## EXERCISE INSTRUCTIONS:
Once the images are set aside, print the remaining lines below exactly.

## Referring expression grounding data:

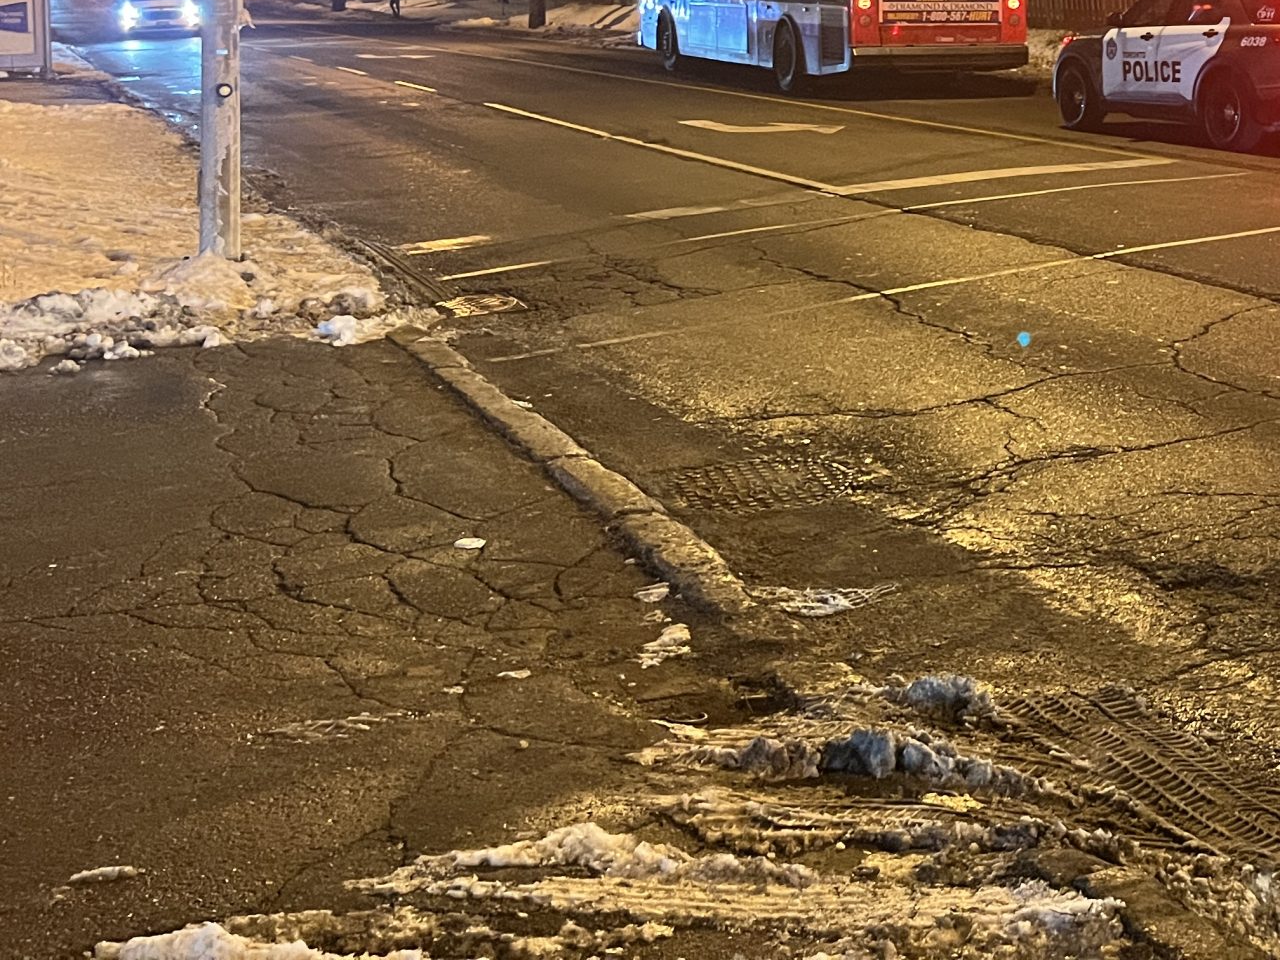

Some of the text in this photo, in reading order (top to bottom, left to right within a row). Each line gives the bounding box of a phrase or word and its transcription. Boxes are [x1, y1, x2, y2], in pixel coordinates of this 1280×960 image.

[896, 3, 941, 11] DIAMOND
[950, 3, 993, 11] DIAMOND
[1241, 36, 1267, 47] 6038
[1122, 60, 1182, 83] POLICE

## FINISHED EXERCISE:
Some of the text in this photo, in reading order (top to bottom, left to right within a row). Each line gives the bounding box of a phrase or word and its transcription. Boxes are [x1, y1, x2, y2], in pixel coordinates of this 1280×960 image.

[896, 3, 941, 11] DIAMOND
[950, 3, 993, 11] DIAMOND
[1241, 36, 1267, 47] 6038
[1122, 60, 1182, 83] POLICE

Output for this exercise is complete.